▶ ACTIVITY:
Write out the records again exactly and exclude the pictures.

▶ MATERIAL PROVIDED:
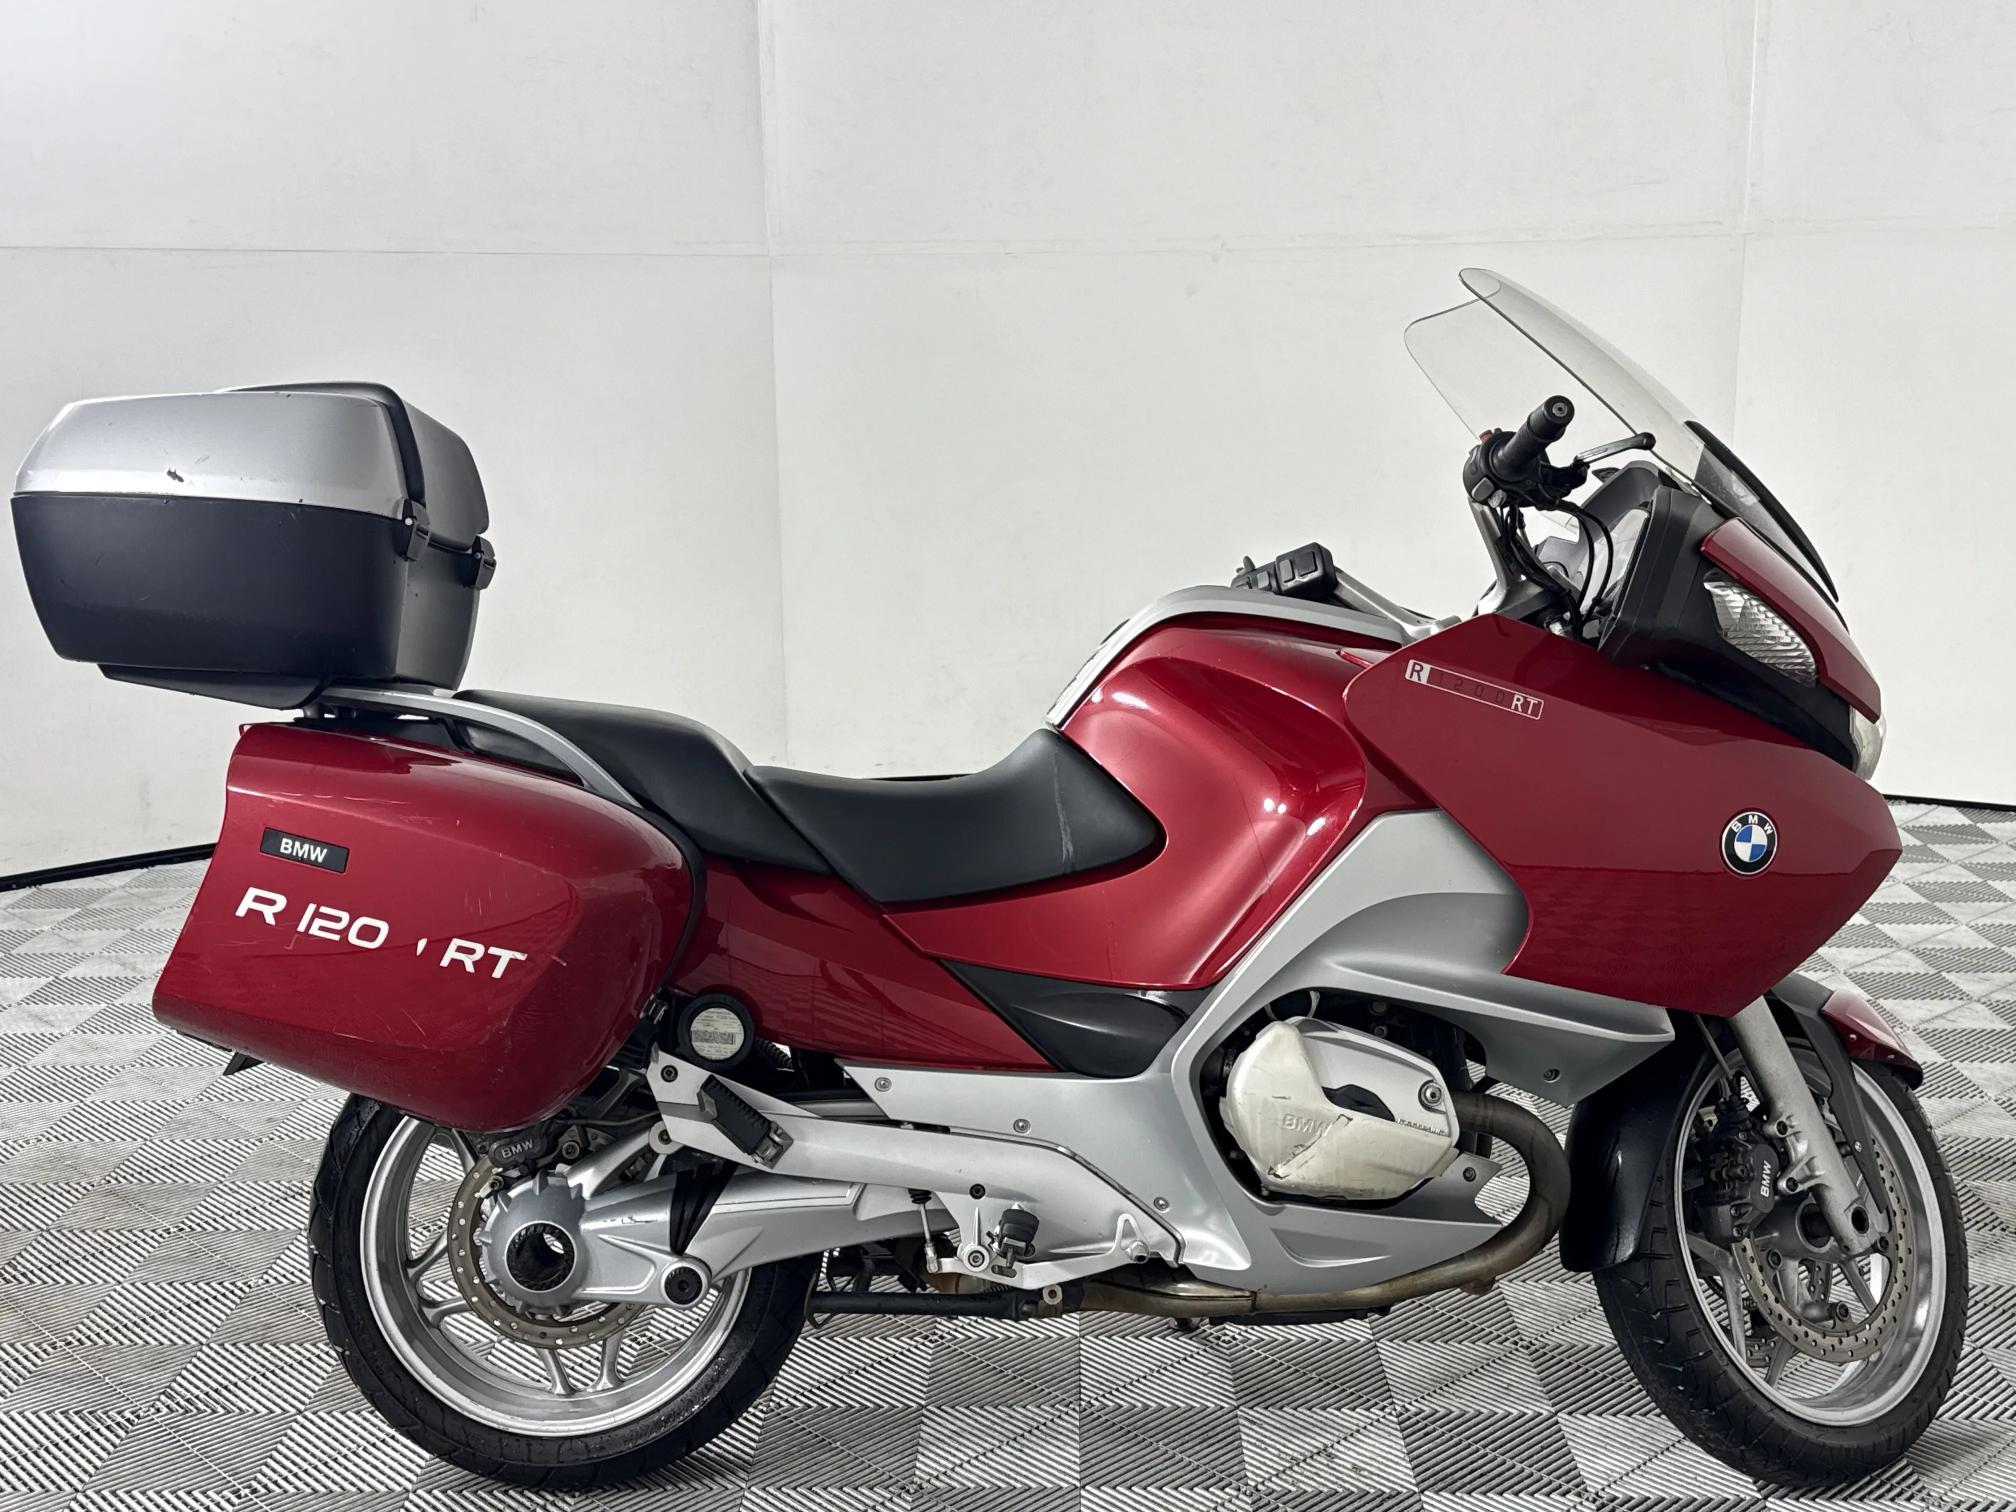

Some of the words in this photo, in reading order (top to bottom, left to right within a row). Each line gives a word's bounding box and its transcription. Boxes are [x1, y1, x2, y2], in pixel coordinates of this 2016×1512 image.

[1409, 662, 1424, 681] R
[1511, 694, 1538, 714] RT
[1731, 814, 1774, 835] BMW
[280, 838, 328, 863] BMW
[235, 887, 287, 926] R
[440, 938, 528, 979] RT
[1282, 1113, 1332, 1137] BMW
[501, 1140, 533, 1158] BMW
[1760, 1160, 1771, 1198] BMW
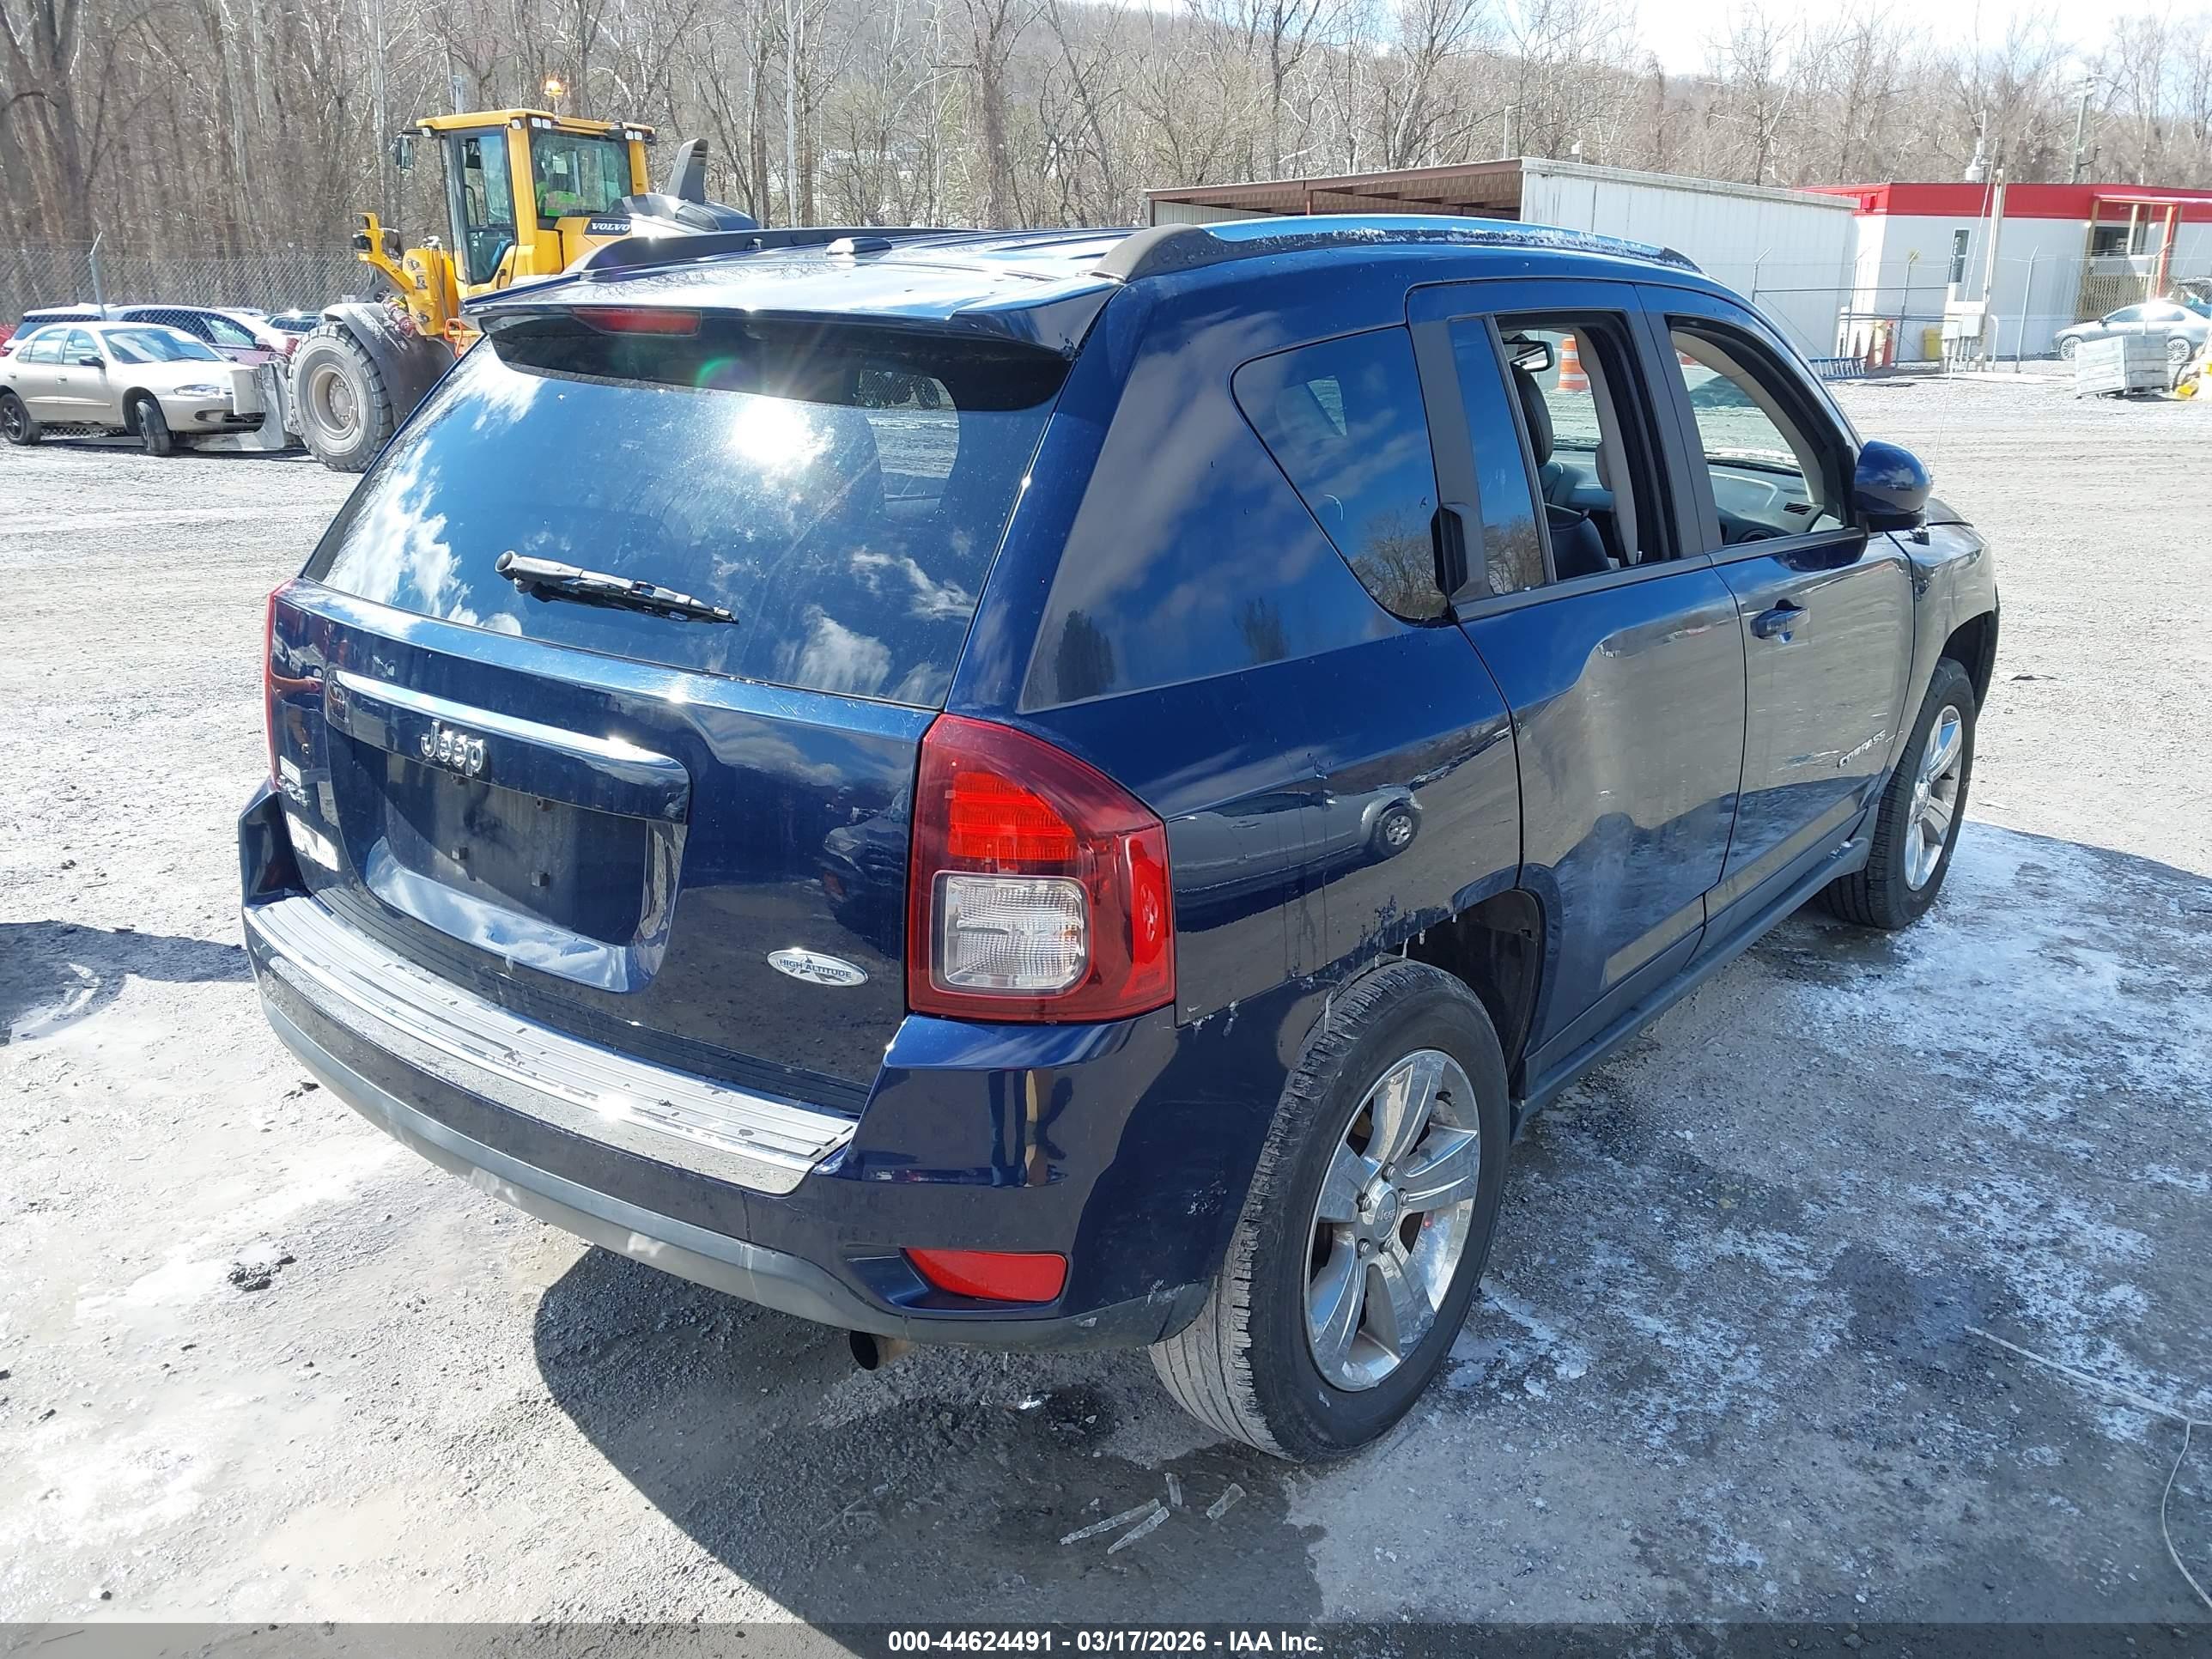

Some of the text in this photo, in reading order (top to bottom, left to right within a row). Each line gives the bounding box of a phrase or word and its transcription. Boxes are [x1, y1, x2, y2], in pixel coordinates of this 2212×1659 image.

[592, 222, 631, 231] VOLVO
[421, 719, 483, 776] Jeep
[779, 959, 852, 978] HIGH ALTITUDE

▶ OUTPUT OF THE EXERCISE:
Some of the words in this photo, in reading order (top to bottom, left to right within a row). Each line gives a word's bounding box and its transcription. Boxes are [x1, y1, x2, y2], in pixel coordinates of this 2016×1512 image.

[1409, 662, 1424, 681] R
[1511, 694, 1538, 714] RT
[1731, 814, 1774, 835] BMW
[280, 838, 328, 863] BMW
[235, 887, 287, 926] R
[440, 938, 528, 979] RT
[1282, 1113, 1332, 1137] BMW
[501, 1140, 533, 1158] BMW
[1760, 1160, 1771, 1198] BMW

Some of the text in this photo, in reading order (top to bottom, left to right within a row). Each line gives the bounding box of a phrase or word and its transcription. Boxes are [x1, y1, x2, y2], in pixel coordinates of this 2212×1659 image.

[592, 222, 631, 231] VOLVO
[421, 719, 483, 776] Jeep
[779, 959, 852, 978] HIGH ALTITUDE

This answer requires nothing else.